(Referring expression grounding data)
-*-*-
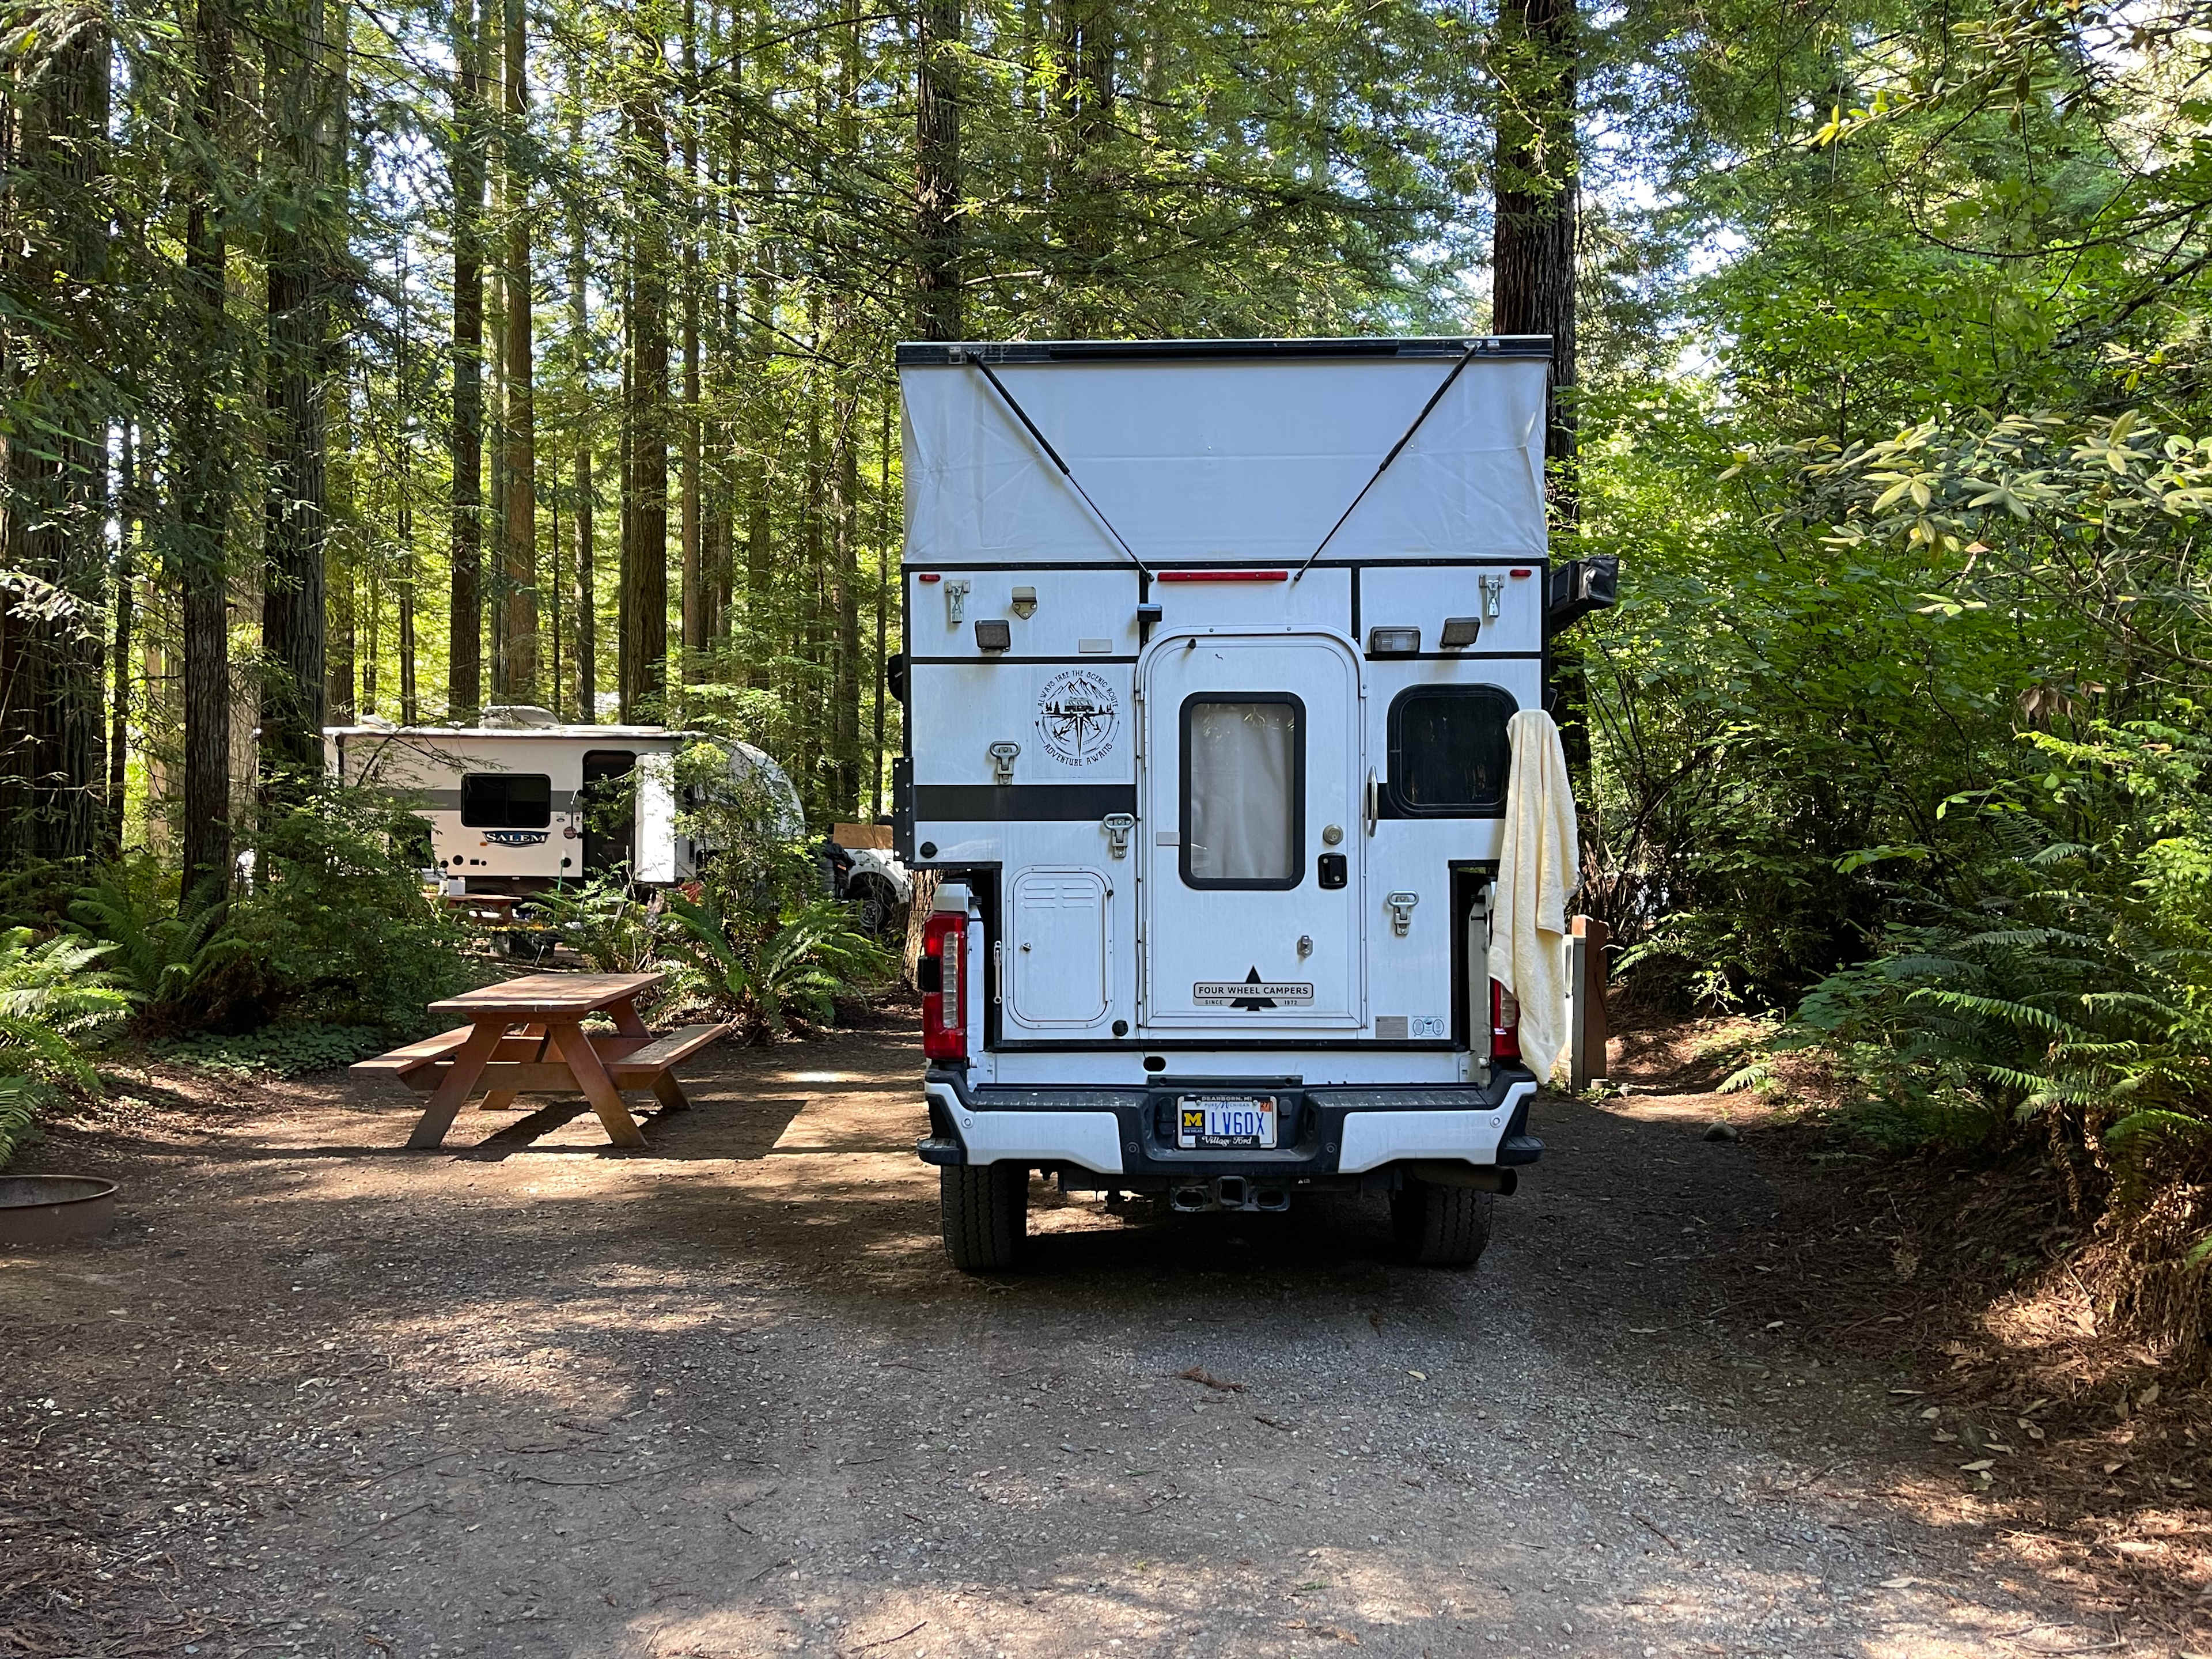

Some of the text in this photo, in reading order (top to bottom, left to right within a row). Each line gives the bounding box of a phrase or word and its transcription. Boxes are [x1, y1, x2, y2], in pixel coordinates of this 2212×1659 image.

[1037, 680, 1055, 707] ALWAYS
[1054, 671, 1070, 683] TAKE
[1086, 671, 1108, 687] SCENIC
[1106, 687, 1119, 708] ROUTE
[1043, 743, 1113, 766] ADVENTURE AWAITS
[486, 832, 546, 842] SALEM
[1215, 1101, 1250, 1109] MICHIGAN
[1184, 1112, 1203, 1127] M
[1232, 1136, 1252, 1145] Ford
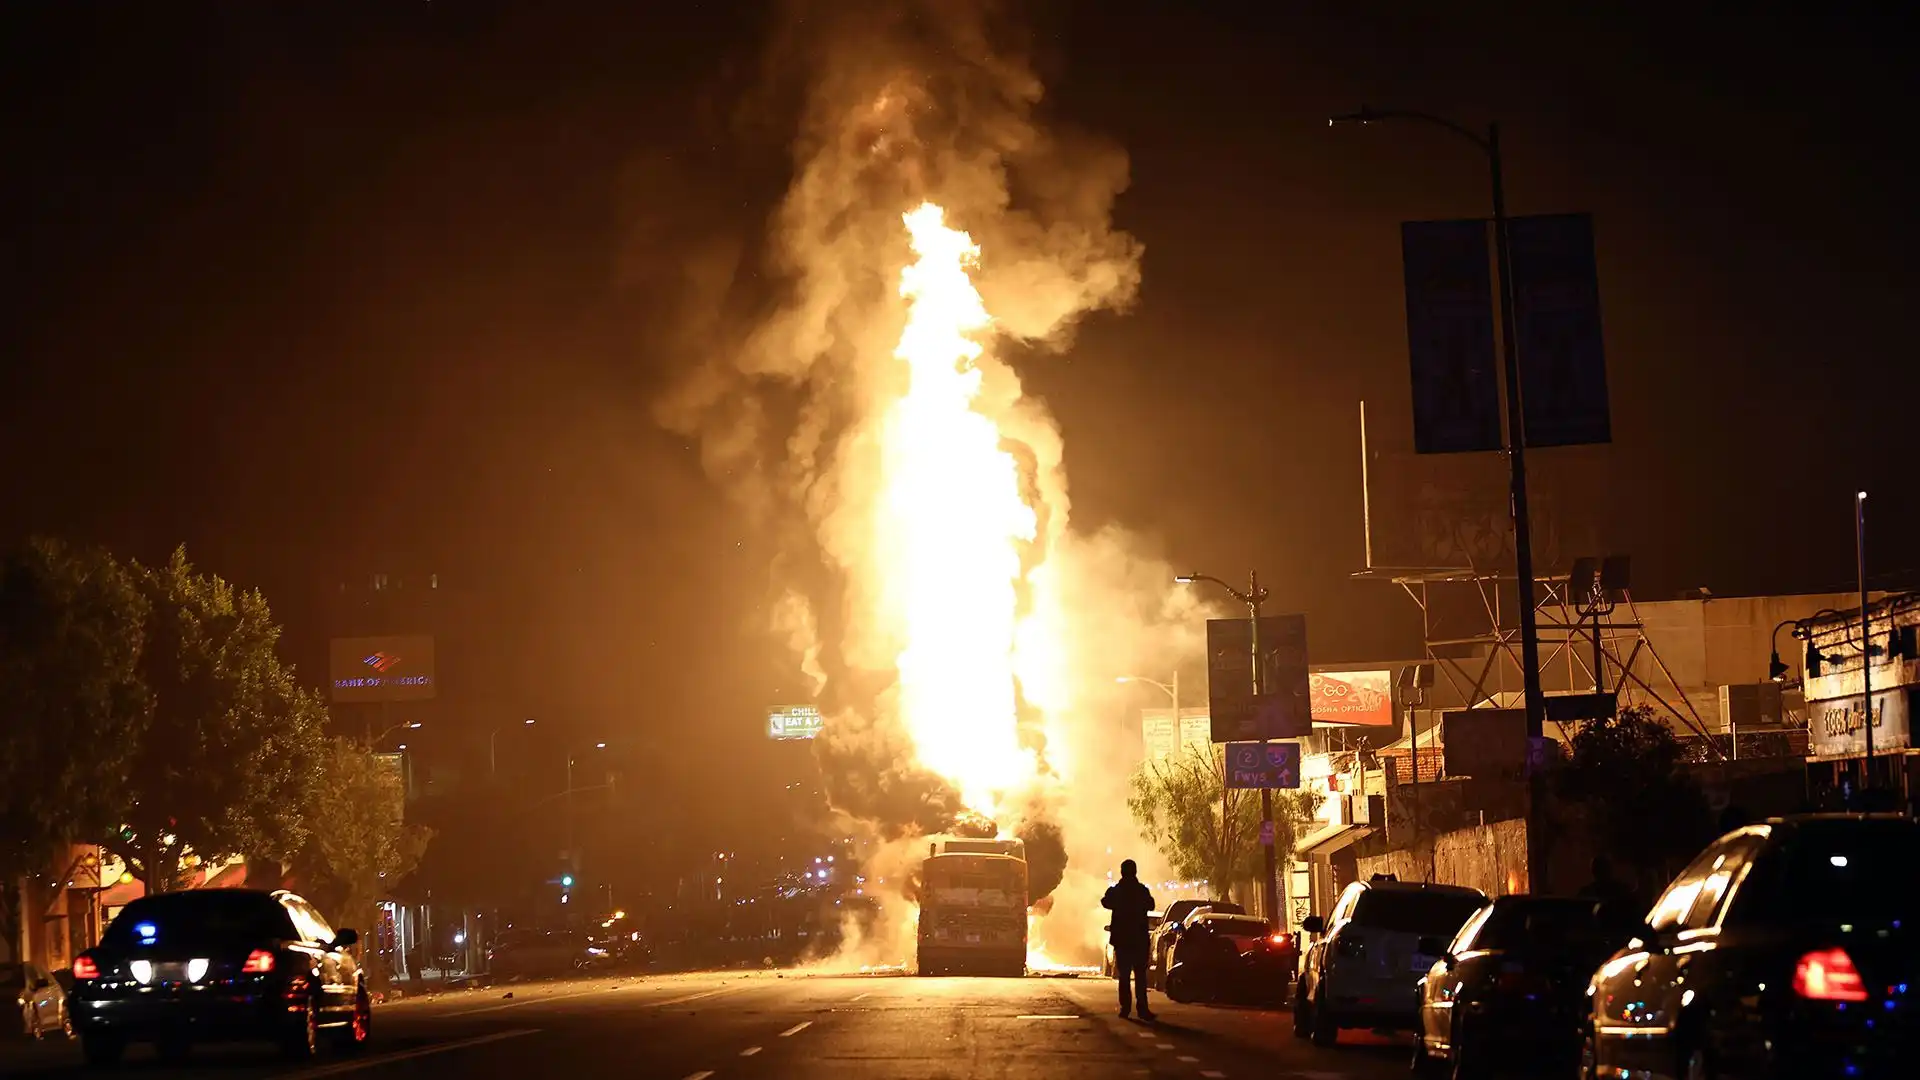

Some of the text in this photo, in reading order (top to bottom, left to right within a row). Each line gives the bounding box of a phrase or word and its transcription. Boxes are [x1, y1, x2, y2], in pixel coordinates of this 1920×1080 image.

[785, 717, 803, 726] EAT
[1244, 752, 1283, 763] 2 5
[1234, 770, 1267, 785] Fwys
-*-*-
DIRECTIONS: Retype all the records shown above, character for character. Omit every picture.

WRITTEN RESPONSE:
Some of the text in this photo, in reading order (top to bottom, left to right within a row). Each line gives the bounding box of a phrase or word and its transcription. Boxes are [x1, y1, x2, y2], in pixel coordinates of this 2212×1659 image.

[1037, 680, 1055, 707] ALWAYS
[1054, 671, 1070, 683] TAKE
[1086, 671, 1108, 687] SCENIC
[1106, 687, 1119, 708] ROUTE
[1043, 743, 1113, 766] ADVENTURE AWAITS
[486, 832, 546, 842] SALEM
[1215, 1101, 1250, 1109] MICHIGAN
[1184, 1112, 1203, 1127] M
[1232, 1136, 1252, 1145] Ford

Some of the text in this photo, in reading order (top to bottom, left to right within a row). Each line gives the bounding box of a phrase or word and its transcription. Boxes are [x1, y1, x2, y2], in pixel coordinates of this 1920×1080 image.

[785, 717, 803, 726] EAT
[1244, 752, 1283, 763] 2 5
[1234, 770, 1267, 785] Fwys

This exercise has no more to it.